BIRMINGHAM HIP◊ (BHR◊) Resurfacing System
An alternative to total hip replacement.
Younger active male patients who suffer from hip pain due to non-inflammatory arthritis (degenerative joint disease) such as osteoarthritis, traumatic arthritis, avascular necrosis, or dysplasia/DDH, or inflammatory arthritis such as rheumatoid arthritis, may benefit from the bone-conserving approach of the BIRMINGHAM HIP Resurfacing System (BHR).
Unlike total hip replacement, which removes all of the bone within your ball and socket hip joint, the BHR resurfaces just a few centimeters of bone, preserving more of your original joint.
Candidates for Hip Resurfacing
Hip resurfacing is intended for younger active male patients in need of a hip replacement. The suitability of resurfacing as an appropriate treatment for you should be determined by your surgeon, including by a review of your bone quality and the size of your femoral head. Please discuss your options with your surgeon.
The BHR was CE marked in January 1997 and has been implanted in hospitals in Europe since then. It was approved for use in the United States by the Food and Drug Administration in 2006.
The BHR has two parts: the femoral head (the ball) and the acetabular component (the socket).
The benefits of the BHR technique and implant for appropriate patients may be significant. The implant's head size, its bearing surfaces and its bone-sparing technique could make it the right choice for active patients. In fact, the implant's rate of survivorship for men under the age of 65 is comparable to - and in many cases, better than - standard total hip replacements after ten years of use1.
While the implant closely matches the size of your natural femoral head (hip ball), it is substantially larger than the femoral head of most total hip replacements. This increased size helps to reduce the risk of dislocation of the implant after surgery2.
The BHR implant conserves substantially more bone than a total hip replacement. Since it preserves the natural femoral neck and most of the natural femoral head, a well-placed BHR reduces concerns about post-operative leg length discrepancy. Also, should you need the implant to be replaced at some point in the future, you would be a candidate for a standard hip replacement stem as opposed to needing a longer "revision" stem-type, as is often the case when a traditional total hip replacement needs to be replaced.
Total hip replacement requires the removal of the natural femoral head and the insertion of a hip stem down the shaft of the femur. Hip resurfacing, by contrast, preserves both the femoral head and the femoral neck.
During the procedure, your surgeon will only remove a few centimeters of bone around the femoral head, shaping it to fit tightly inside the BHR implant. Your surgeon will also prepare the acetabulum for the metal cup that will form the socket portion of the ball-and-socket joint.

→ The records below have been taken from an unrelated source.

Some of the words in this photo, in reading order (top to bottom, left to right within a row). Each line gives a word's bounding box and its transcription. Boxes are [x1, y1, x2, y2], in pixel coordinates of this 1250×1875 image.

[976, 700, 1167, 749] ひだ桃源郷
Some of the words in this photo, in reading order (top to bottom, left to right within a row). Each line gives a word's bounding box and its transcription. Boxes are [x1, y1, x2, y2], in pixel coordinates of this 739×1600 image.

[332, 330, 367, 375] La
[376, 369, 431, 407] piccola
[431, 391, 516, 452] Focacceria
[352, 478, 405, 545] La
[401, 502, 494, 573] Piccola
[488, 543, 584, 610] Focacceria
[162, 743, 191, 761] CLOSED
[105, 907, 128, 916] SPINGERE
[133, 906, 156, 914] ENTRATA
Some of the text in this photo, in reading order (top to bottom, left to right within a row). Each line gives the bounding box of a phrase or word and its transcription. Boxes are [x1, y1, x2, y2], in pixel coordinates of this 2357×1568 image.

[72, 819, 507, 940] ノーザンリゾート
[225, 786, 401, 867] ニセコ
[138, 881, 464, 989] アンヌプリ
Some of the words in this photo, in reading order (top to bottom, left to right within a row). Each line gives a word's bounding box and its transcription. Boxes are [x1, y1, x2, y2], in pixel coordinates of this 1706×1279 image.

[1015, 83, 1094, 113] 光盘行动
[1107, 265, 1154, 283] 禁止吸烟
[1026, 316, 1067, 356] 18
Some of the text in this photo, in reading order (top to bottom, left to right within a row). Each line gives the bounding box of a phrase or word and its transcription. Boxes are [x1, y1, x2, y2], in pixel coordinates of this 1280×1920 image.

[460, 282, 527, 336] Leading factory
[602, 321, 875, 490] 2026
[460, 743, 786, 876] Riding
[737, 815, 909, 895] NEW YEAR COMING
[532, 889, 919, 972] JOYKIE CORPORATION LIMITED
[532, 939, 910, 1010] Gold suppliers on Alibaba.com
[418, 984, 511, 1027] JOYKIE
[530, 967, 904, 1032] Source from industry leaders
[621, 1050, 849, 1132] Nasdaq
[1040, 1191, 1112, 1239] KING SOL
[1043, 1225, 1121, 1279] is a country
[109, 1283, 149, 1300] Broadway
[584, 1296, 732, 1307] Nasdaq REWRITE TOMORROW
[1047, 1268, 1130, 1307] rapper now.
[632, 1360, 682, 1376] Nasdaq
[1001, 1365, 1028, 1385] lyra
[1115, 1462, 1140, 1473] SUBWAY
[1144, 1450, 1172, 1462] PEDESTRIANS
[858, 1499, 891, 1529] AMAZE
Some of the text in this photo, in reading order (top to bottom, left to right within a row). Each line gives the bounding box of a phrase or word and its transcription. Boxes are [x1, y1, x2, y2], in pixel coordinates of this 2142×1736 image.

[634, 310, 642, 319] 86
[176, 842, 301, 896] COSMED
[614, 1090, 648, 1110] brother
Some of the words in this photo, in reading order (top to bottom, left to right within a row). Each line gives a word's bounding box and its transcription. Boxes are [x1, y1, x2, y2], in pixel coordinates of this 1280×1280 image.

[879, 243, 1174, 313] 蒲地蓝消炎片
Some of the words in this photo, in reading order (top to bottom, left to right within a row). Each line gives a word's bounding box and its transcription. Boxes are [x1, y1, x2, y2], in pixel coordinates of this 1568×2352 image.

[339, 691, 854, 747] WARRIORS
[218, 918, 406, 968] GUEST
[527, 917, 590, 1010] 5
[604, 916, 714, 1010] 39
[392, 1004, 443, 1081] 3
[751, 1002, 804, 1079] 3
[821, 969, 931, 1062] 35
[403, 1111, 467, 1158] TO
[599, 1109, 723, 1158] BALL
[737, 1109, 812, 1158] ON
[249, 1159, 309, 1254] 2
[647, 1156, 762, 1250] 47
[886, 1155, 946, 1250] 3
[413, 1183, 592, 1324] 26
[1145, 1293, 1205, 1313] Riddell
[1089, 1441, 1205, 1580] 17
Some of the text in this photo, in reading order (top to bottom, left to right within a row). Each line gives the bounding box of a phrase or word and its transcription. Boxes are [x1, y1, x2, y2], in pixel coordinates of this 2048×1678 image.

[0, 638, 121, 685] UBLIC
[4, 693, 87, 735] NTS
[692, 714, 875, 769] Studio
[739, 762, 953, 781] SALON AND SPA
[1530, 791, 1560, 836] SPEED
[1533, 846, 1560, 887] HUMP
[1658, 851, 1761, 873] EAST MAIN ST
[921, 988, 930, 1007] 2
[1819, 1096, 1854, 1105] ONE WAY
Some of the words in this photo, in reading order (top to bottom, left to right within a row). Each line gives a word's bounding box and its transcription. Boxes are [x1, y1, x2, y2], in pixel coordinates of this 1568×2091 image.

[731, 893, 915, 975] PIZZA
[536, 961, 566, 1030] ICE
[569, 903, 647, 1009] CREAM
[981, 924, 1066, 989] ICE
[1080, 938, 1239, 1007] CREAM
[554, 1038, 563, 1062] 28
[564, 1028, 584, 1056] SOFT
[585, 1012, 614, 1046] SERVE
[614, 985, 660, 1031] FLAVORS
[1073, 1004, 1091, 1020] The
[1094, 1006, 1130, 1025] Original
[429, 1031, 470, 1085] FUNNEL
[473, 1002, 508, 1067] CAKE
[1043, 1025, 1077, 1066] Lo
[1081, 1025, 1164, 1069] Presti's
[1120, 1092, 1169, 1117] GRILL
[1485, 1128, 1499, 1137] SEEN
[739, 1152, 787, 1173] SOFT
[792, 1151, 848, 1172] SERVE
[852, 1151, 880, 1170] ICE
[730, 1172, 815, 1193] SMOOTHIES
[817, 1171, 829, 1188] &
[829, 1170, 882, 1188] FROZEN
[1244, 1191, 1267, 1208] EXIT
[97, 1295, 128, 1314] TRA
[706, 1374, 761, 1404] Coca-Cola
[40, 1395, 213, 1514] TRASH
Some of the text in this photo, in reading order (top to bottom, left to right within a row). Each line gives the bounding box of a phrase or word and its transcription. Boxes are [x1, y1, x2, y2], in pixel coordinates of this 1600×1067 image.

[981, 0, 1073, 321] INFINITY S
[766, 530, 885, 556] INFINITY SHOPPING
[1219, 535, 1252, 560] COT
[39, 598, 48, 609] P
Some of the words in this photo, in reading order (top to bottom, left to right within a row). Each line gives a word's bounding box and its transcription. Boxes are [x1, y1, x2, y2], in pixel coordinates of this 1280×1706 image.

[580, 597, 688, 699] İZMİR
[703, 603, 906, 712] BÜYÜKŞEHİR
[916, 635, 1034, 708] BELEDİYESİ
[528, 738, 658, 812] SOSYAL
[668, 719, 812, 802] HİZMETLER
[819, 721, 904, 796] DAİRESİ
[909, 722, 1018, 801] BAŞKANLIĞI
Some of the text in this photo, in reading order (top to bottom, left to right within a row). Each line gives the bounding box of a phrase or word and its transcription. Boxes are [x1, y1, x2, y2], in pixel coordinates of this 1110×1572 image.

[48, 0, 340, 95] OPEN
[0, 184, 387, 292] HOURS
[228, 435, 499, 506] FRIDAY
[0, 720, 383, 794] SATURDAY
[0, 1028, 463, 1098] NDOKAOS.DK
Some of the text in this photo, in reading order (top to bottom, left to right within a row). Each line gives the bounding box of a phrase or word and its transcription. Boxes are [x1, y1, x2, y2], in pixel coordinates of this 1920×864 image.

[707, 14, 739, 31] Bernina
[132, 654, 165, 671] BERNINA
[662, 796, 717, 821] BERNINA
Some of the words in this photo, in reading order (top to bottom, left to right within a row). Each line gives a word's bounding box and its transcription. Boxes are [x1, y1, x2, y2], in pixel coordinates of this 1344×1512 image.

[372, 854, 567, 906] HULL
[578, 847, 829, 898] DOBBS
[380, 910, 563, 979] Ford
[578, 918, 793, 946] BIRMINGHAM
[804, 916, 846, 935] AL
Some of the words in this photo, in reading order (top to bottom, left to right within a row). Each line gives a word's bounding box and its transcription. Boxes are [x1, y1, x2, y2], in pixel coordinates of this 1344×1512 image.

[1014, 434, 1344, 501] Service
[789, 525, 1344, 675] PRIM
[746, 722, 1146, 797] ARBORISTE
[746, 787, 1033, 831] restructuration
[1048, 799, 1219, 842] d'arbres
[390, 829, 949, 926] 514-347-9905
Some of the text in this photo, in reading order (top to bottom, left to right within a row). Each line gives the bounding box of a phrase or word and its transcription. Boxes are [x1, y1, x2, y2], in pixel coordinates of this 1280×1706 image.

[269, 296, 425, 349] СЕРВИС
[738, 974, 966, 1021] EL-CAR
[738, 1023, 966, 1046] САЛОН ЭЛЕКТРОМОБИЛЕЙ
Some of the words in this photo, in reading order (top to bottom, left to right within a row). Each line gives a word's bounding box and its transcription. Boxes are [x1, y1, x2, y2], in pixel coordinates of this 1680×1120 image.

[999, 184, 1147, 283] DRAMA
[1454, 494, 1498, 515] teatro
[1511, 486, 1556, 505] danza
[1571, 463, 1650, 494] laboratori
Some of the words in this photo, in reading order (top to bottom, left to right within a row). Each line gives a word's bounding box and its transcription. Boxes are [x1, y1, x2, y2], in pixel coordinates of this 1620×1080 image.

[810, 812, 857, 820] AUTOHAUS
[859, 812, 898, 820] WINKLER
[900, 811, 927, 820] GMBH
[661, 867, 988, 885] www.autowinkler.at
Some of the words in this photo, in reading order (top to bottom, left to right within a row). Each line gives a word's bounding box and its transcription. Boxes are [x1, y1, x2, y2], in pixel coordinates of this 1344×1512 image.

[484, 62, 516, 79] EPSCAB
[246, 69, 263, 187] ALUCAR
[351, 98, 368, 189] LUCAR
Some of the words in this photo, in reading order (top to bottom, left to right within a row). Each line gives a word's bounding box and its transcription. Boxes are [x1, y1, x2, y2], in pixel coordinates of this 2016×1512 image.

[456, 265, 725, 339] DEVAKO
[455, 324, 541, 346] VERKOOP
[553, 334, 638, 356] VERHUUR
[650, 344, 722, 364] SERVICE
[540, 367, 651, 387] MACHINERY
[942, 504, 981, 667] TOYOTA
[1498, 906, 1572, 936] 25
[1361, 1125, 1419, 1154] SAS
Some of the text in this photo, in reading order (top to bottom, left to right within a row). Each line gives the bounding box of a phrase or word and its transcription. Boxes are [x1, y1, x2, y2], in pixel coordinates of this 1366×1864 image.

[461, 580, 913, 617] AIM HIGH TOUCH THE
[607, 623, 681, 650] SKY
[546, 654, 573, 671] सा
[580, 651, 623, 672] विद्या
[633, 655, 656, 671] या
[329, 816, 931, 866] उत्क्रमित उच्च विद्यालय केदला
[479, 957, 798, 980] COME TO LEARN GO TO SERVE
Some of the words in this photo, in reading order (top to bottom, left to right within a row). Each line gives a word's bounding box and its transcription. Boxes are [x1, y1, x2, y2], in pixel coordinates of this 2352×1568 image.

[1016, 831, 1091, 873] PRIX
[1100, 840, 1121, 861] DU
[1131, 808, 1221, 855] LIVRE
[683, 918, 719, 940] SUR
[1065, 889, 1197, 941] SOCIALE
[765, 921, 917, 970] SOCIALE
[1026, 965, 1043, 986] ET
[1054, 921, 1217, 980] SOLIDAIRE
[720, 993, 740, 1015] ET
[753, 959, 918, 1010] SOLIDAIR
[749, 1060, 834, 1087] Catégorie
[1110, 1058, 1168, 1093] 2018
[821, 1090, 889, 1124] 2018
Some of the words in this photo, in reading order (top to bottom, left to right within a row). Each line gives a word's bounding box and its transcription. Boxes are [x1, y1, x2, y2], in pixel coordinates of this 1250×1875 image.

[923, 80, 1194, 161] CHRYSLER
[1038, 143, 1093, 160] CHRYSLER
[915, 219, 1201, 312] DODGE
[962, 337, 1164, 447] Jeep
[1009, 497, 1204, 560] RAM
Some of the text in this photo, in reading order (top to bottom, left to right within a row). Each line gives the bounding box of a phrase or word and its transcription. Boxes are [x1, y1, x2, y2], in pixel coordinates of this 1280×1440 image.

The femoral component is cemented over the top of the prepared femoral head like a tooth cap, and the acetabular component is pressed into place much like a typical hip replacement component would be.
Why BIRMINGHAM HIP™ Resurfacing?
Long-term successful outcomes around the globe:
- The Australian Orthopaedic Association National Joint Replacement Registry Annual Report 20153 showed BHR survivorship of 90.2% at 14 years follow-up, the longest of any resurfacing device.
- BHR continues to be the most implanted resurfacing device world-wide and is the only hip resurfacing device with 14 years of registry data.
- Great Britain's Oswestry Outcomes Centre's patient registry revealed BHR 10-year survivorship of 95.4%, with 98.6% of patients rating their opinion of the experience as pleased or extremely pleased4.
There are potential risks with hip resurfacing surgery such as fracture, infection, loosening, dislocation and wear that may result in the need for additional surgery. The results and physical activities of this patient may not be representative of the results and physical activities that you may experience following surgery. Females of child-bearing age should not have the BHR device. It is unknown whether metal ions released by the device could harm an unborn child. Do not perform high impact activities such as running and jumping during the first post operative year while the bone is healing. Early device failure, breakage or loosening may occur if you do not follow your surgeon's limitations on activity level. Early failure can happen if you do not guard your hip joint from overloading due to activity level, failure to control body weight, or accidents such as falls. Hip resurfacing surgery is intended to relieve hip pain and improve hip function. Talk to your doctor to determine what treatment may be best for you.
- Barrack R,. The Case for Hip Resurfacing: A Bigger Picture. Current Concepts in Joint Replacement Meeting. December 2010.
- Australian Orthopaedic Association National Joint Replacement Registry Annual Report. Adelaide: AOA; 2013.
- Robinson E, Richardson JB, Khan M. MINIMUM 10 YEAR OUTCOME OF BIRMINGHAM HIP RESURFACING (BHR), A REVIEW OF 518 CASES FROM AN INTERNATIONAL REGISTER. Oswestry outcome centre, Oswestry, UK.
The information listed on this site is for informational and educational purposes and is not meant as medical advice. Every patient's case is unique and each patient should follow his or her doctor's specific instructions. Please discuss nutrition, medication and treatment options with your doctor to make sure you are getting the proper care for your particular situation.